“They’re coming,” Ilona said in a choked whisper. “They’re coming to save us.”
“Three cheers for our side,” said Connors weakly.
Jamie remained in the cockpit and watched their rescuers approaching. More than an hour went by as the rover trundled closer, agonizingly slow, with Ivshenko out front testing the ground. A blind man leading an elephant, Jamie thought.
“Now be careful,” he said to the cosmonauts. “You see where the ground starts to break up into a series of little sand ripples?”
Vosnesensky’s image in the display screen nodded its head. Ivshenko said from inside his helmet, “Yes, it is about fifty meters in front of me.”
“That’s where the crater rim is, I’m pretty sure,” Jamie said. “It’s filled with this very loose sand, more like dust. You’ll have to take the rover around it. Otherwise you’ll get stuck too.”
Vosnesensky was peering at it suspiciously. “It seems quite wide.” “I know. But you can work your way around it, can’t you?” “Going down, perhaps. I wonder about going up again.” Ivshenko’s voice said, “It might be best to stop the rover at the edge of the loose soil and let me go through the area on foot. Then we can connect a safety line and winch them across to our rover.”
“Can all four of you get into your hard suits?” Vosnesensky asked.
“Yes,” said Jamie. “I think so.”
“I hesitate to risk getting the second rover stuck, too.”
“I understand. We can get into suits and you can winch us across the soft stuff-if we can set up a line from your vehicle to ours.” “Very good. That is what we will do.”
Dr. Li Chengdu had never in his life felt so hesitant about making a report. This could ruin everything, he knew. It will reflect poorly on my ability as a leader; it will devastate the mission control team. If the politicians and the media find out about it, it will destroy our chances for further missions to Mars.
Yet he had to report on the scurvy and the chain of events that had led to it. There was nothing else that Li could do except tell the facts to the men and women who directed the mission. There is no way to cover it up, Li realized. Nor would it be proper to do so. Even to think of a cover-up is criminal. No matter what affect this has on my career or the careers of others.
Scurvy. Everyone on the ground team nearly killed by scurvy because they had overlooked the fact that pure oxygen had deactivated their crucially needed vitamin C supply. The politicians will jump to the conclusion that the traverse team got stuck in their rover because the scurvy sapped their strength and their judgment. And now Vosnesensky, of all people, is disobeying orders and trying to rescue them.
Vosnesensky. Wait until the mission controllers sink their teeth into that morsel! What a mess. What a confounded, convoluted, unequivocal disaster.
Li knew he had to tell the facts to Kaliningrad. Still he hesitated.
Pacing his private cubicle in three long-legged strides, back and forth, back and forth, he passed his desktop computer a dozen times without even thinking of starting to file his report.
Even if I wanted to hide the facts it would be impossible. They will know soon enough that we are not evacuating the dome, as ordered. He agonized for hours. How to put the best face on this disaster. How to tell the news in a way that will not destroy any chance for future missions to Mars. How to admit my own inadequacy without ruining my chances for the future.

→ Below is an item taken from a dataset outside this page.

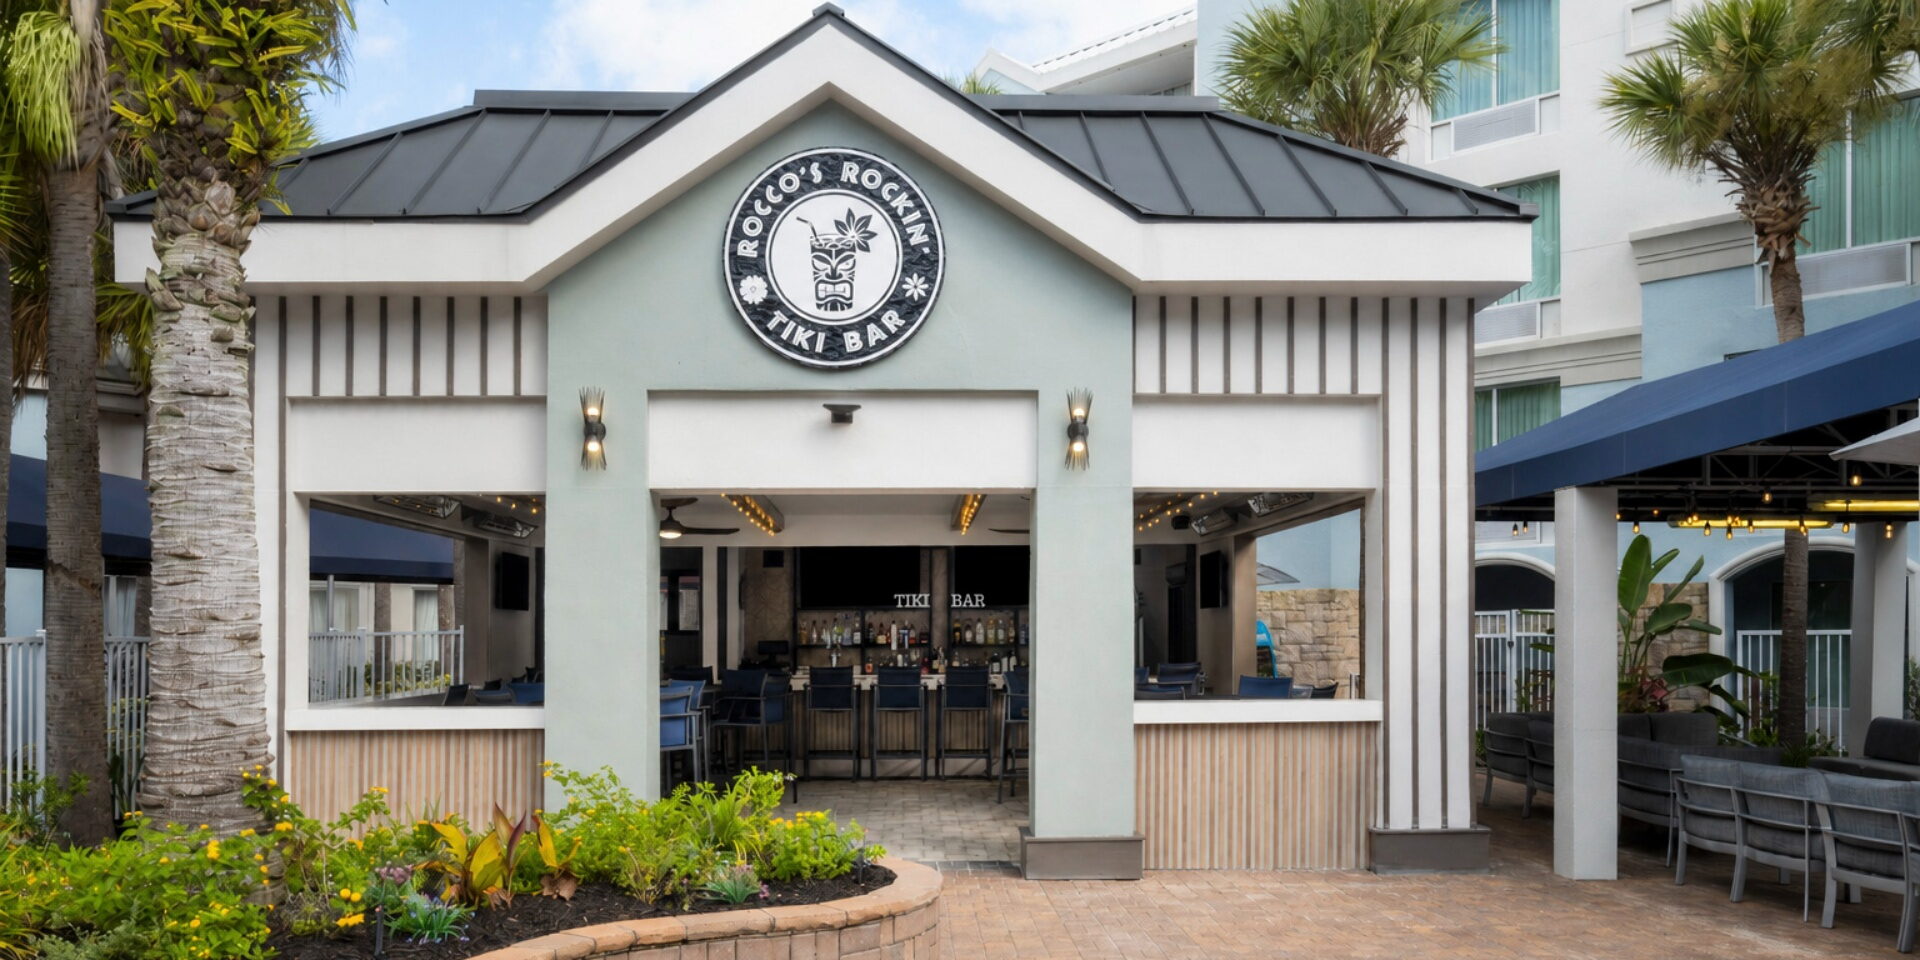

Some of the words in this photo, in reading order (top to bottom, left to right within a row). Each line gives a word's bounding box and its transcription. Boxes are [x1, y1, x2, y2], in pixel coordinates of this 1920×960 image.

That is the important thing. How to tell this terrible news in a way that will not destroy our chances for the future. That is the vital thing.
Virtually all of the reports from the ground team were made orally and transcribed into hard copy automatically by the computers in the spacecraft and back at Kaliningrad. Li alone regularly wrote out his reports and transmitted them in written form. But what can I write now? What words can soften this news?
Like a caged cheetah he paced back and forth, seeking a way out and finding none. Finally, in an agony of reluctance, he sat at his little desk and began pecking on the computer keyboard with his long manicured fingers.